Her most common baby clients are those whose mothers have also received acupuncture, but she recommends it to any parents.
She gave her 10-month-old great niece the treatment for the first time over Christmas after she was up late crying with tummy pains.
Ms McBride "lay her on her on the bed and put two little needles into her belly" and the crying stopped.
She said it was "essentially instantaneous, she just went 'oh, okay' and totally relaxed", and her mother was "astounded". She says this has been her experience with the babies that she treats.
Babies only receive needles for a fraction of time - Ms McBride said babies hardly notice whereas adults have them in for about 20 minutes.

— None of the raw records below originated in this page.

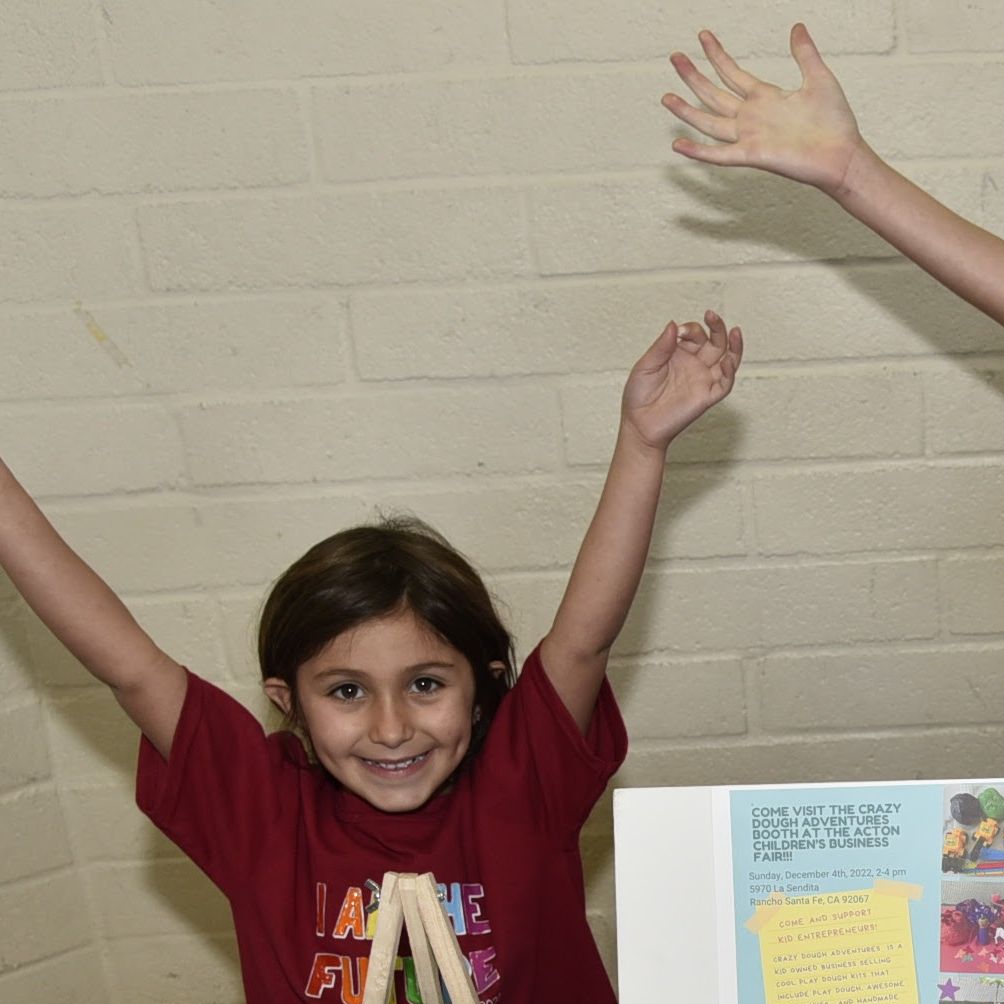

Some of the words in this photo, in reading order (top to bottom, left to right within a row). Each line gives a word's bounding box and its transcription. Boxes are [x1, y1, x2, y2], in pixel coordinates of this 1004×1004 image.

[752, 807, 789, 818] COME
[793, 805, 825, 816] VISIT
[830, 805, 855, 815] THE
[858, 803, 901, 814] CRAZY
[752, 818, 798, 828] DOUGH
[802, 815, 889, 827] ADVENTURES
[753, 829, 798, 839] BOOTH
[802, 828, 821, 838] AT
[824, 828, 850, 837] THE
[854, 826, 900, 836] ACTON
[753, 839, 826, 851] CHILDREN'S
[830, 838, 889, 848] BUSINESS
[754, 852, 792, 862] FAIR!!!
[749, 871, 783, 881] Sunday,
[786, 870, 829, 879] December
[832, 869, 848, 878] 4th,
[850, 869, 874, 878] 2022,
[876, 869, 889, 877] 2-4
[892, 868, 906, 878] pm
[750, 885, 771, 893] 5970
[774, 884, 784, 892] La
[787, 884, 819, 892] Sendita
[750, 897, 782, 906] Rancho
[785, 897, 810, 905] Santa
[813, 896, 825, 905] Fe,
[842, 895, 869, 903] 92067
[316, 883, 326, 937] I
[779, 919, 804, 928] COME
[810, 915, 827, 924] AND
[832, 909, 872, 921] SUPPORT
[778, 935, 792, 944] KID
[798, 924, 877, 942] ENTREPRENEURS!
[773, 955, 797, 963] CRAZY
[802, 951, 827, 960] DOUGH
[831, 946, 880, 956] ADVENTURES
[791, 965, 817, 973] OWNED
[821, 961, 856, 970] BUSINESS
[860, 957, 891, 966] SELLING
[799, 977, 818, 985] PLAY
[822, 973, 847, 983] DOUGH
[778, 991, 809, 1000] INCLUDE
[867, 981, 904, 990] AWESOME
[857, 994, 899, 1004] HANDMADE

It'd cost about $20 - $40 for an acupuncture session for a baby, which would generally last about 20 minutes.
The researchers emphasised that "parents should record how long their baby cries to see if it is excessive and then try eliminating cow's milk from their feeds before seeking further help".
"For those infants that continue to cry for more than three hours per day, acupuncture may be an effective treatment option," they concluded.